━━━ Material for this exercise ━━━

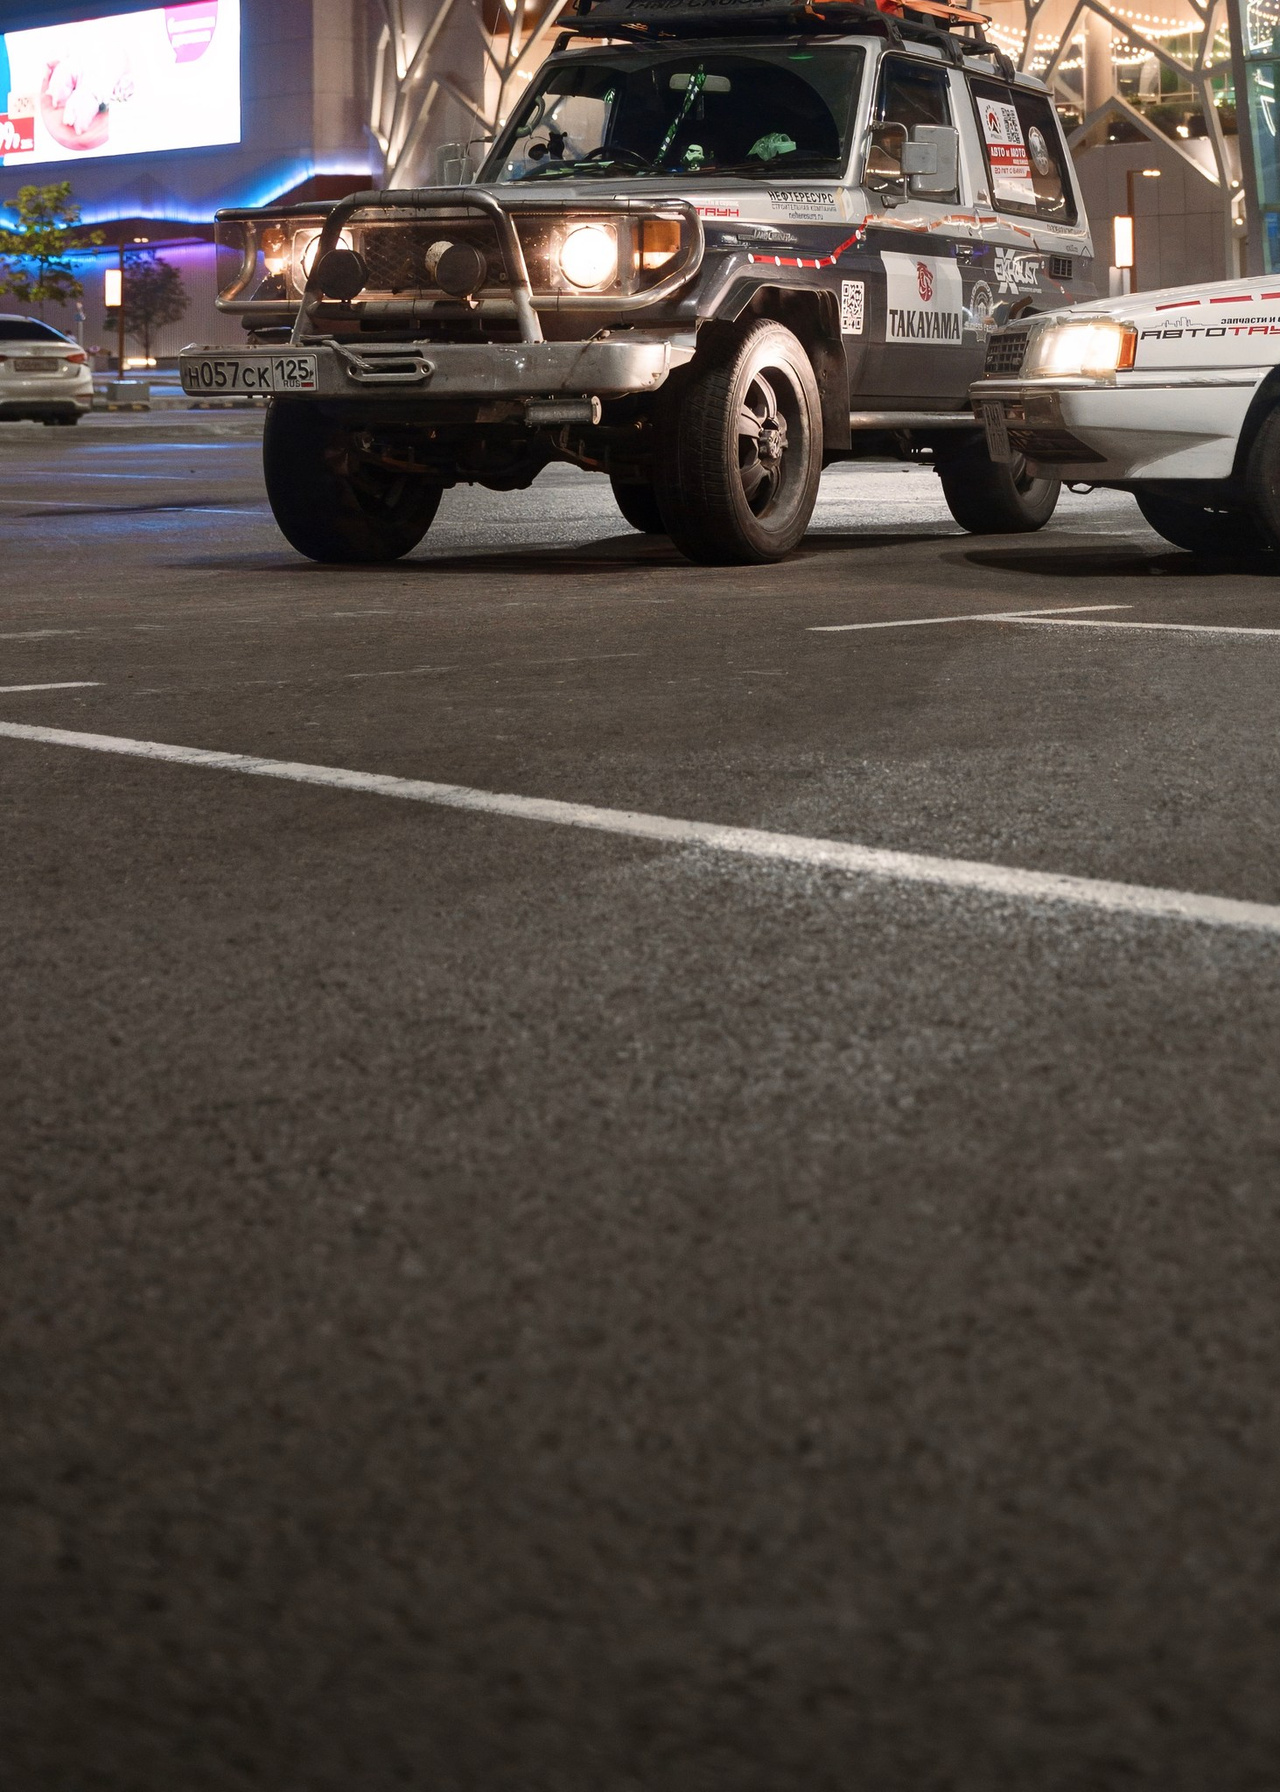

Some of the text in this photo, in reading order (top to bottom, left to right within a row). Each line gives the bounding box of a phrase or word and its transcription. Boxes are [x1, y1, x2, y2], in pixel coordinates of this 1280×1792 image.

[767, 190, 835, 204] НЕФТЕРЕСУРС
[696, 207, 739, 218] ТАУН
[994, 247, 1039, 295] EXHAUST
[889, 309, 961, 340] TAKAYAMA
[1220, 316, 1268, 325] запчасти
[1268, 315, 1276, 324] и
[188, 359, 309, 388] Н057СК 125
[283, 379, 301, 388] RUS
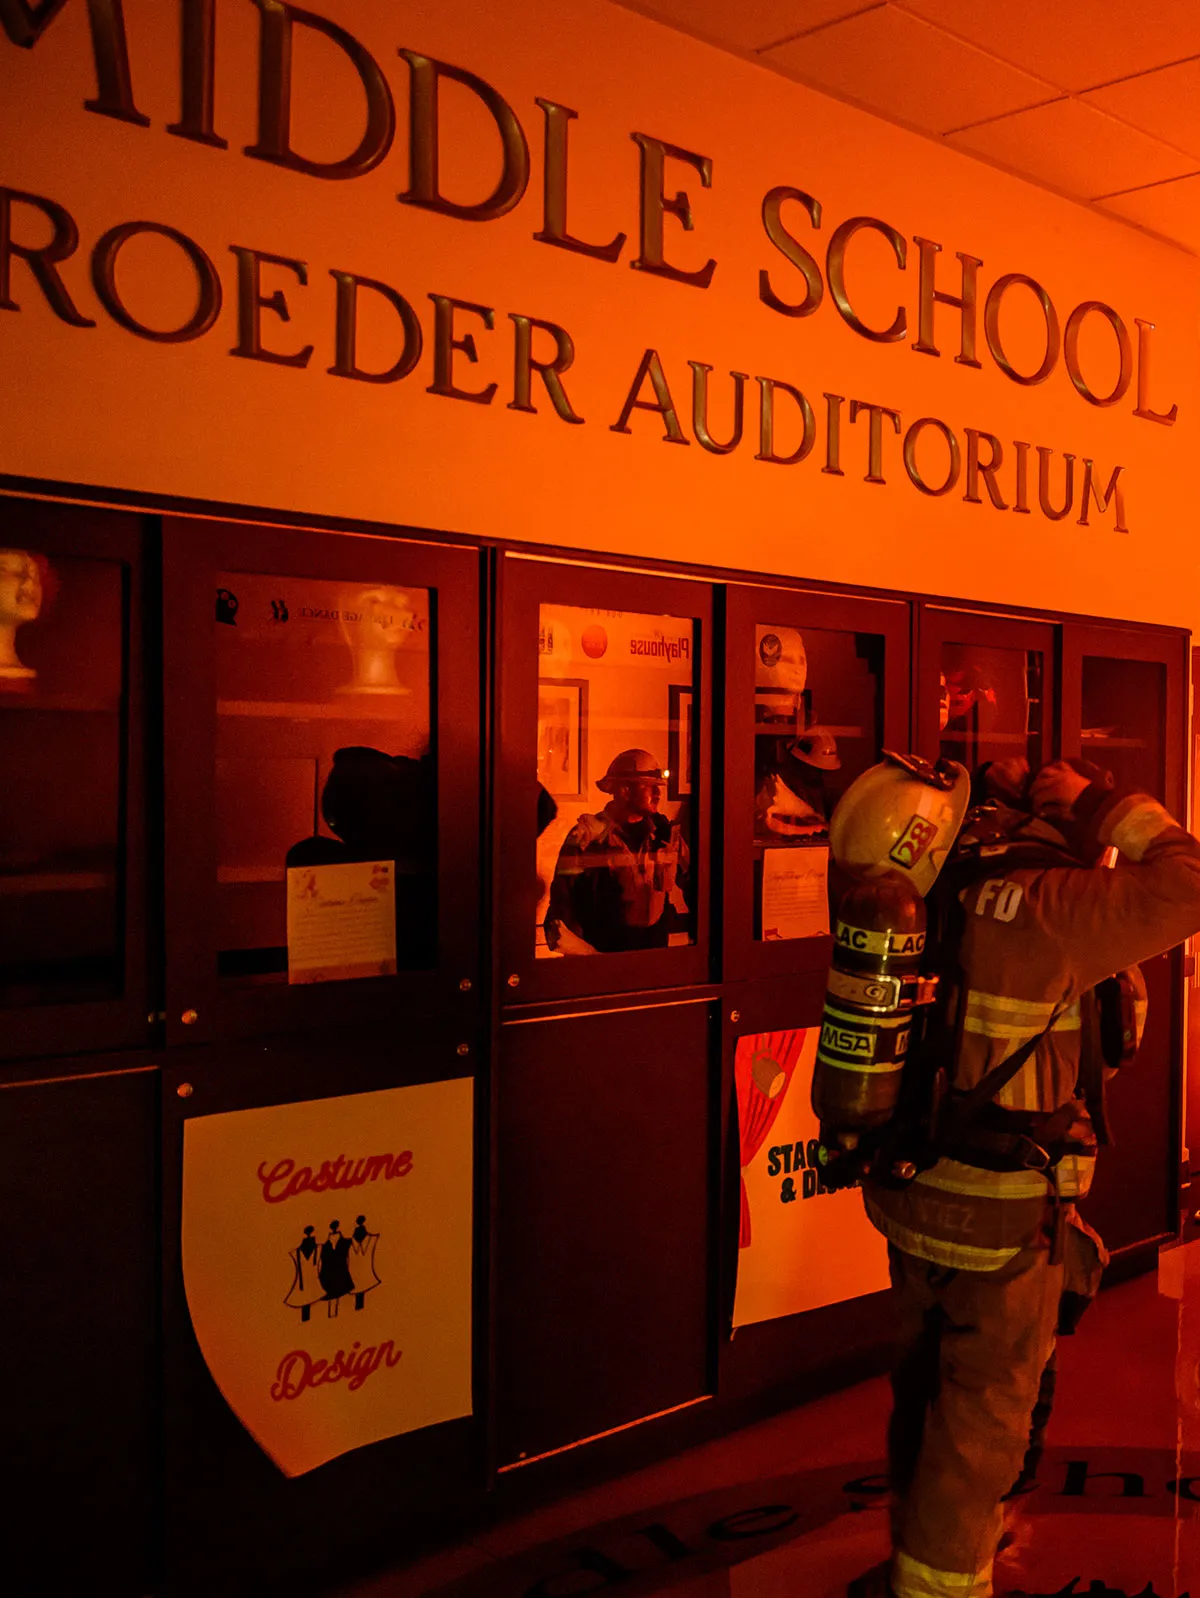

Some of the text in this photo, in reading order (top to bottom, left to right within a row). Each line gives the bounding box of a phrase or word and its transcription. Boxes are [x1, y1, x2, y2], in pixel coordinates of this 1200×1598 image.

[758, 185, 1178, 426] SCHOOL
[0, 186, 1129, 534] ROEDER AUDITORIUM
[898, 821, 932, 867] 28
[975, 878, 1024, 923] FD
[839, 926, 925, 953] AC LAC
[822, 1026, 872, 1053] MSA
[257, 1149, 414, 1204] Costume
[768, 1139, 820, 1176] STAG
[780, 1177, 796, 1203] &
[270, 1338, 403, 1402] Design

━━━

* Exercise directions *
What you return must be the entries above, exactly as they appear, without any pictures.

* Response to this task *
Some of the text in this photo, in reading order (top to bottom, left to right within a row). Each line gives the bounding box of a phrase or word and its transcription. Boxes are [x1, y1, x2, y2], in pixel coordinates of this 1280×1792 image.

[767, 190, 835, 204] НЕФТЕРЕСУРС
[696, 207, 739, 218] ТАУН
[994, 247, 1039, 295] EXHAUST
[889, 309, 961, 340] TAKAYAMA
[1220, 316, 1268, 325] запчасти
[1268, 315, 1276, 324] и
[188, 359, 309, 388] Н057СК 125
[283, 379, 301, 388] RUS

Some of the text in this photo, in reading order (top to bottom, left to right within a row). Each line gives the bounding box of a phrase or word and its transcription. Boxes are [x1, y1, x2, y2], in pixel coordinates of this 1200×1598 image.

[758, 185, 1178, 426] SCHOOL
[0, 186, 1129, 534] ROEDER AUDITORIUM
[898, 821, 932, 867] 28
[975, 878, 1024, 923] FD
[839, 926, 925, 953] AC LAC
[822, 1026, 872, 1053] MSA
[257, 1149, 414, 1204] Costume
[768, 1139, 820, 1176] STAG
[780, 1177, 796, 1203] &
[270, 1338, 403, 1402] Design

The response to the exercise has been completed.